The key points of this chapter are:
Fields in classes automatically come with getters and setters.
You can replace a field with a custom getter/setter without changing the client of a class—that is the “uniform access principle.”
Use the @BeanProperty annotation to generate the JavaBeans getXxx/setXxx methods.
Every class has a primary constructor that is “interwoven” with the class definition. Its parameters turn into the fields of the class. The primary constructor executes all statements in the body of the class.
Auxiliary constructors are optional. They are called this.
5.1 Simple Classes and Parameterless Methods
In its simplest form, a Scala class looks very much like its equivalent in Java or C++:
class Counter { private var value = 0 // You must initialize the field def increment() { value += 1 } // Methods are public by default def current() = value }
In Scala, a class is not declared as public. A Scala source file can contain multiple classes, and all of them have public visibility.

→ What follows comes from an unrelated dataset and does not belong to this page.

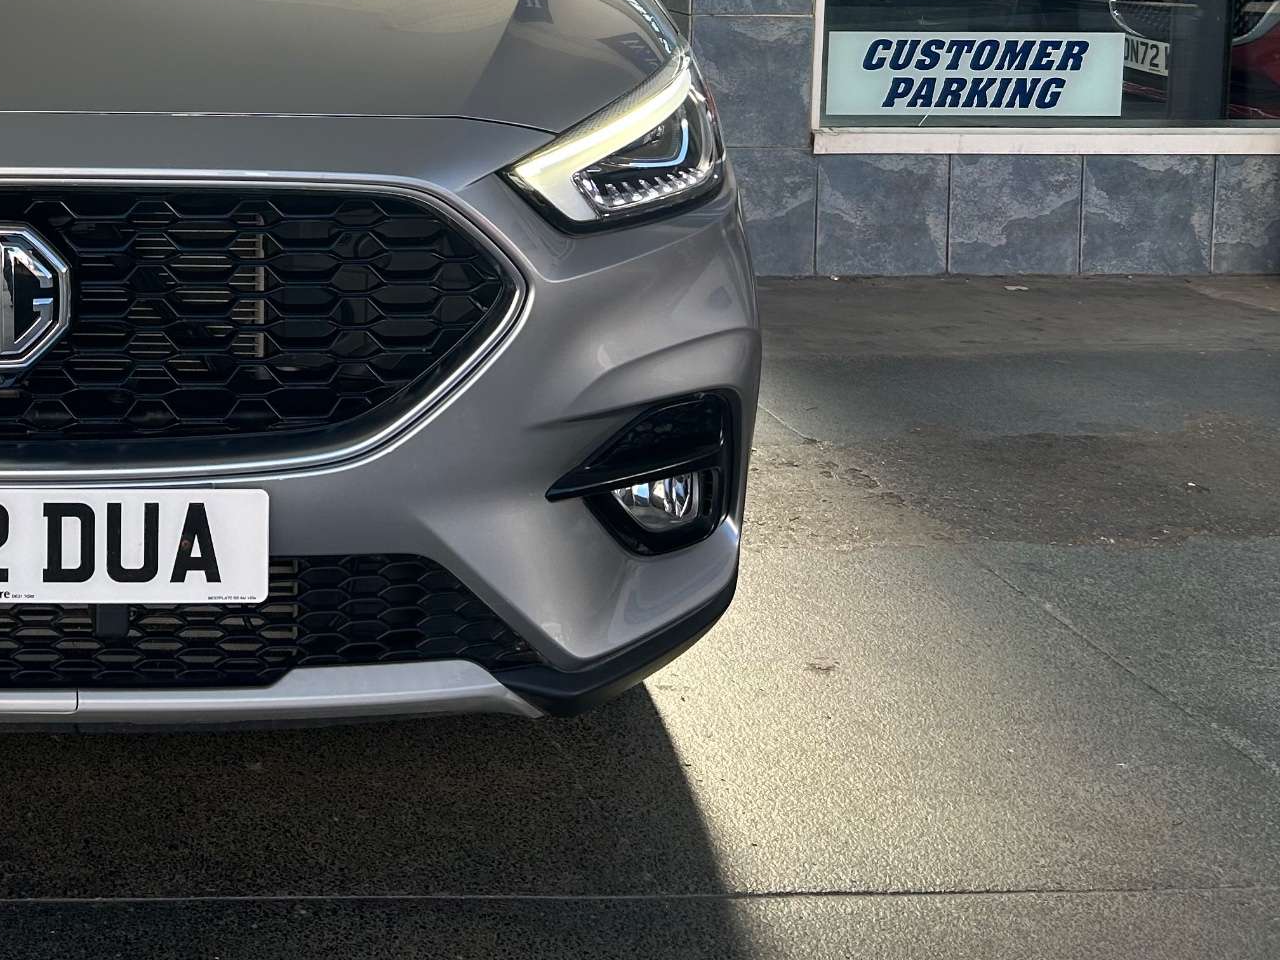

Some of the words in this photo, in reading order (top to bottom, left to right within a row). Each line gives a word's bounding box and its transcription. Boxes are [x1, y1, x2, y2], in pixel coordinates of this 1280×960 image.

[862, 38, 1089, 72] CUSTOMER
[882, 76, 1067, 110] PARKING
[42, 502, 223, 584] DUA
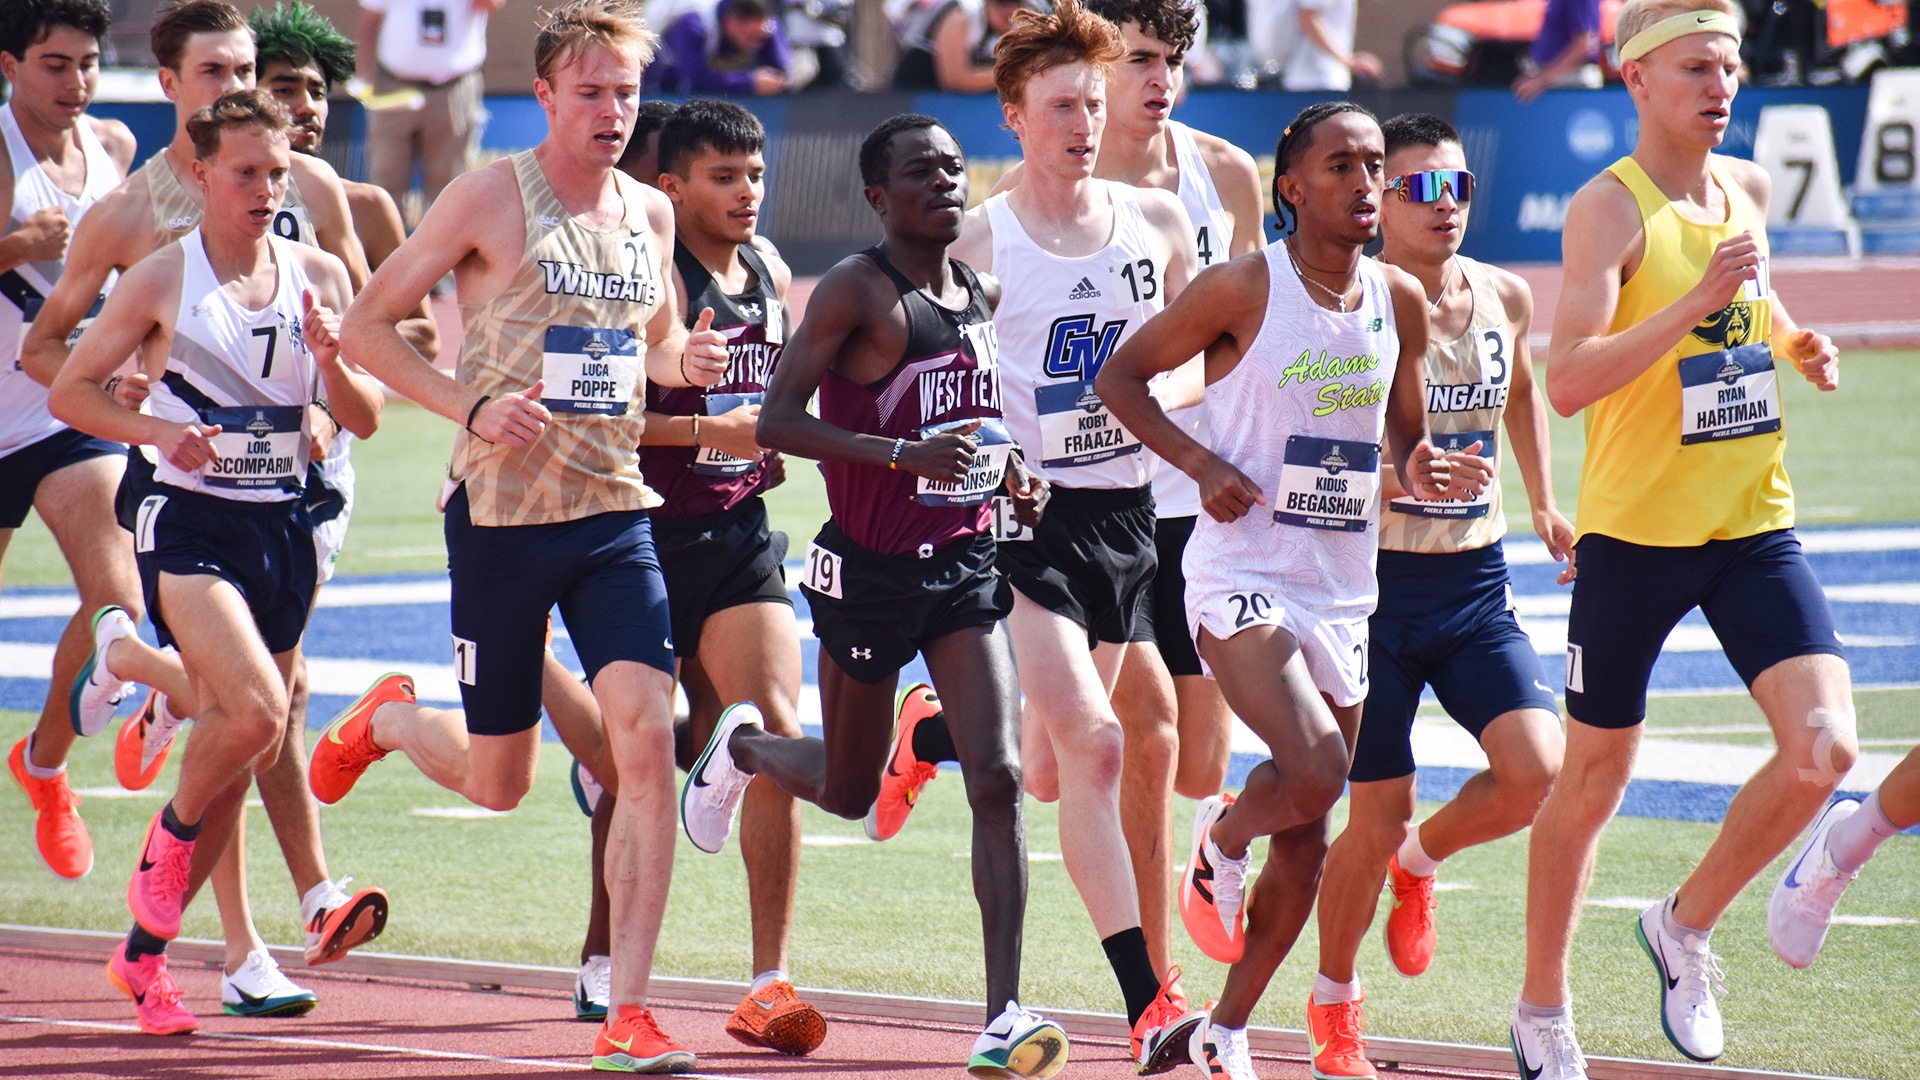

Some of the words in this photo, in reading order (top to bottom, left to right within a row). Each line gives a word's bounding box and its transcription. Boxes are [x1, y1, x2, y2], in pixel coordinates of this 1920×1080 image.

To use this class, you construct objects and invoke methods in the usual way:
val myCounter = new Counter // Or new Counter()
myCounter.increment()
println(myCounter.current)
You can call a parameterless method (such as current) with or without parentheses:
myCounter.current // OK
myCounter.current() // Also OK
Which form should you use? It is considered good style to use () for a mutator method (a method that changes the object state), and to drop the () for an accessor method (a method that does not change the object state).
That’s what we did in our example:
myCounter.increment() // Use () with mutator
println(myCounter.current) // Don't use () with accessor
You can enforce this style by declaring current without ():
class Counter { ... def current = value // No () in definition }
Now class users must use myCounter.current, without parentheses.